• PROBLEM STATEMENT: Your job is to return each record exactly, minus any pictures.

• GIVEN DATA:
----

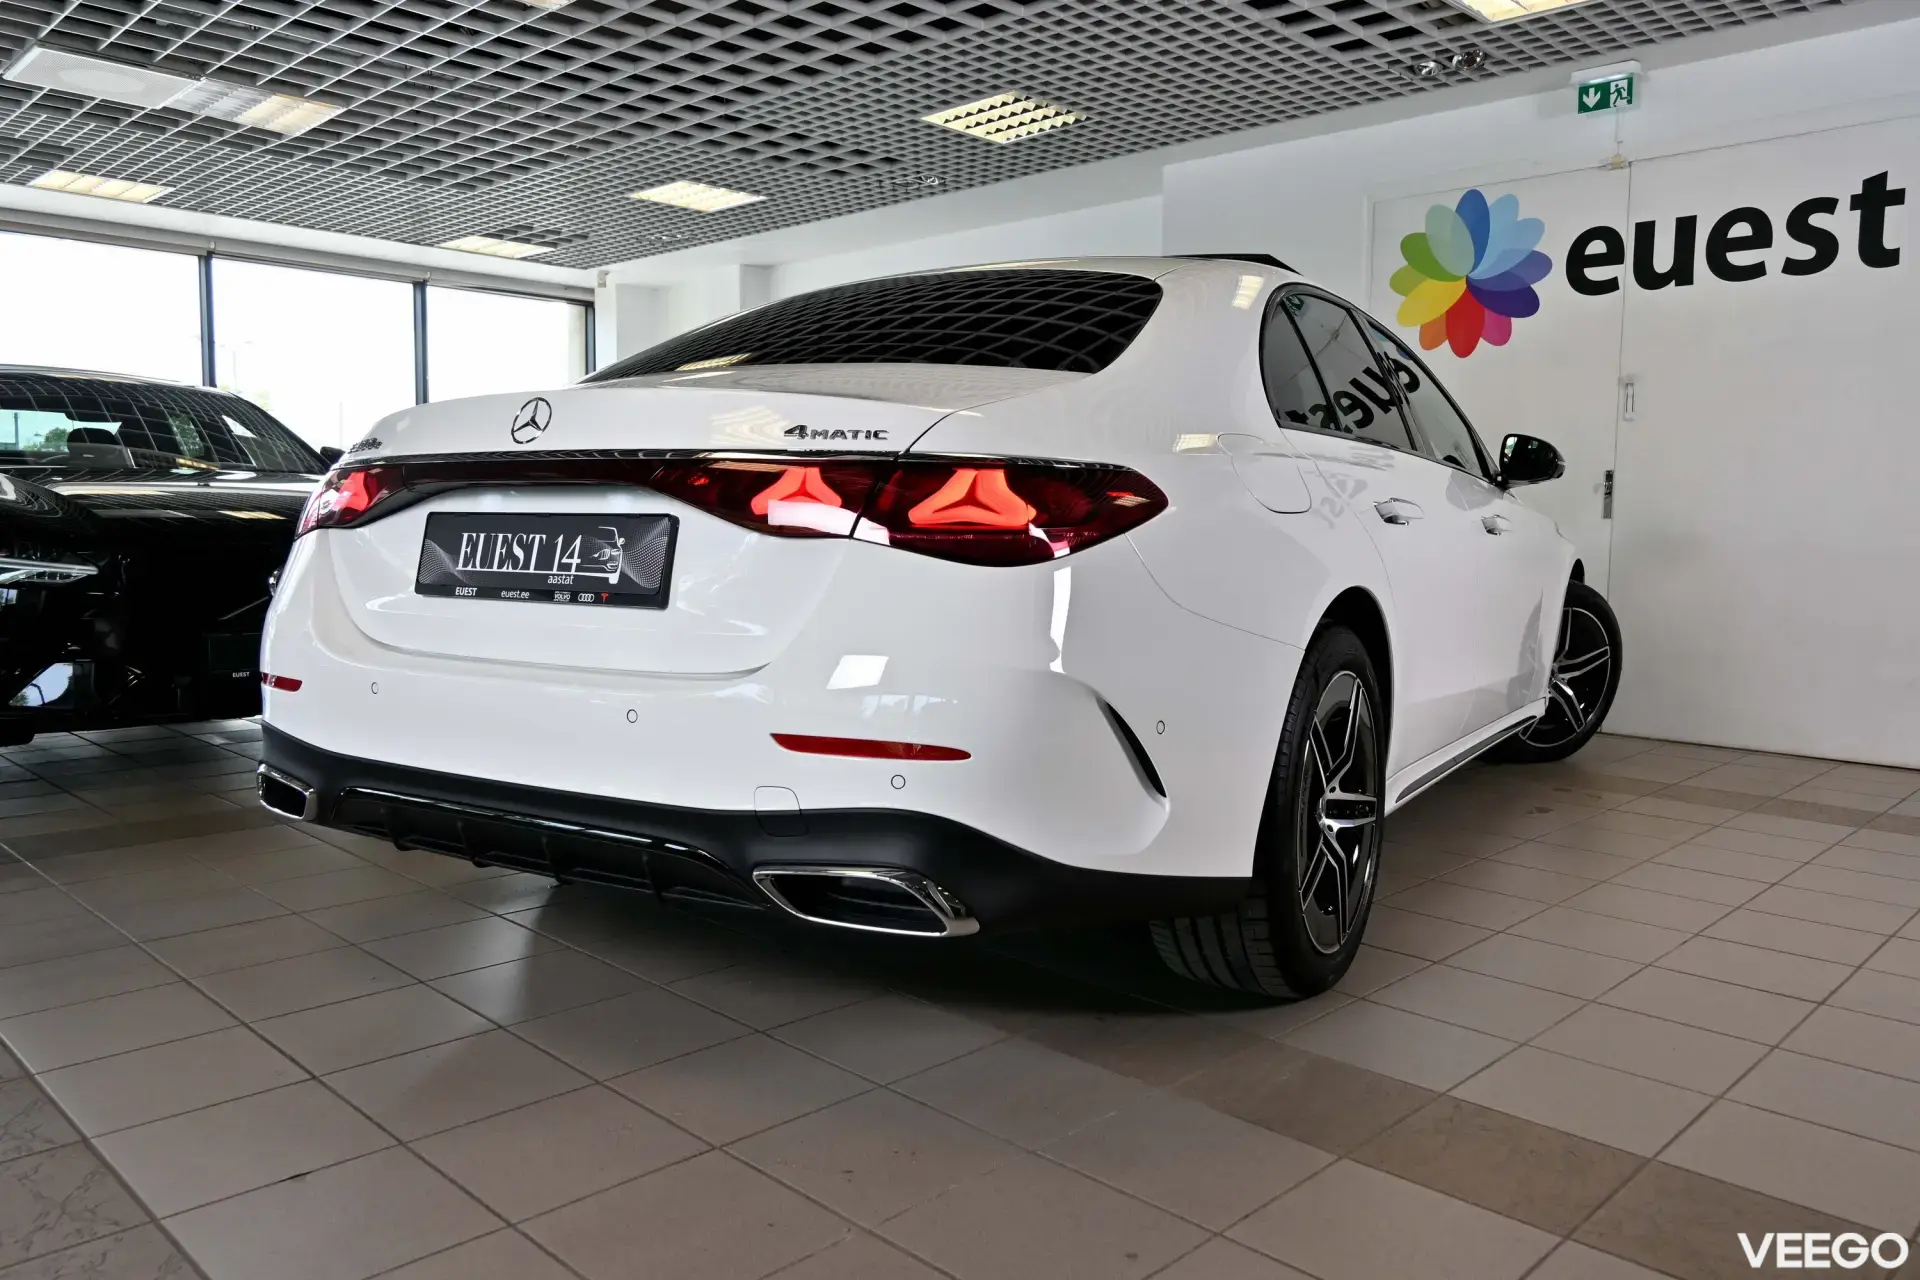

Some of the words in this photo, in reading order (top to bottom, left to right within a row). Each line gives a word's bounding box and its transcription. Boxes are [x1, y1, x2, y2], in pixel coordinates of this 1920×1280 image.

[1565, 170, 1906, 296] euest
[783, 424, 889, 440] 4MATIC
[456, 532, 547, 571] EUEST
[552, 533, 582, 573] 14
[547, 574, 574, 585] aastat
[455, 586, 478, 596] EUEST
[501, 590, 530, 599] euest.ee
[554, 593, 571, 601] VOLVO
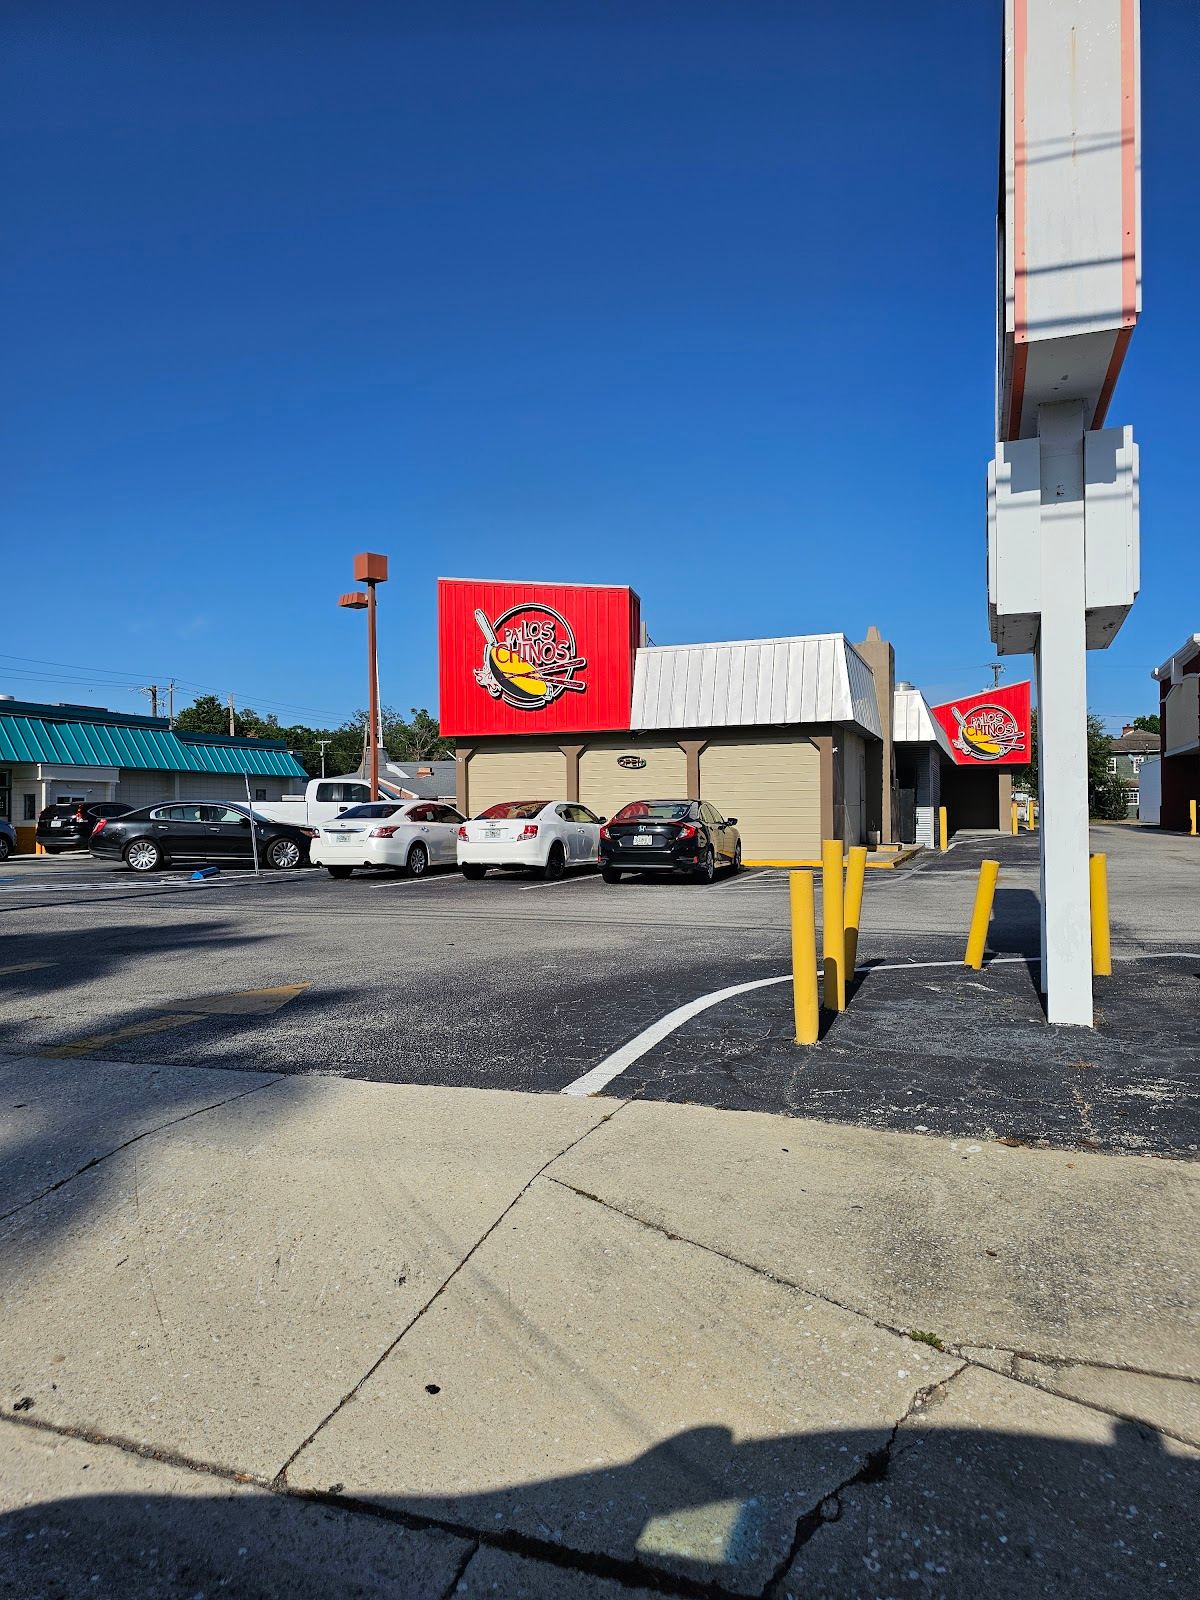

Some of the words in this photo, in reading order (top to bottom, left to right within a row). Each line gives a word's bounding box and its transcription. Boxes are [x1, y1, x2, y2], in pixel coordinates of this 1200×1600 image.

[521, 620, 555, 641] LOS
[495, 640, 570, 663] CHINOS
[982, 712, 1004, 724] LOS
[966, 722, 1014, 736] CHINOS

----

• RESULT BELOW:
Some of the words in this photo, in reading order (top to bottom, left to right within a row). Each line gives a word's bounding box and its transcription. Boxes are [x1, y1, x2, y2], in pixel coordinates of this 1920×1280 image.

[1565, 170, 1906, 296] euest
[783, 424, 889, 440] 4MATIC
[456, 532, 547, 571] EUEST
[552, 533, 582, 573] 14
[547, 574, 574, 585] aastat
[455, 586, 478, 596] EUEST
[501, 590, 530, 599] euest.ee
[554, 593, 571, 601] VOLVO

Some of the words in this photo, in reading order (top to bottom, left to right within a row). Each line gives a word's bounding box and its transcription. Boxes are [x1, y1, x2, y2], in pixel coordinates of this 1200×1600 image.

[521, 620, 555, 641] LOS
[495, 640, 570, 663] CHINOS
[982, 712, 1004, 724] LOS
[966, 722, 1014, 736] CHINOS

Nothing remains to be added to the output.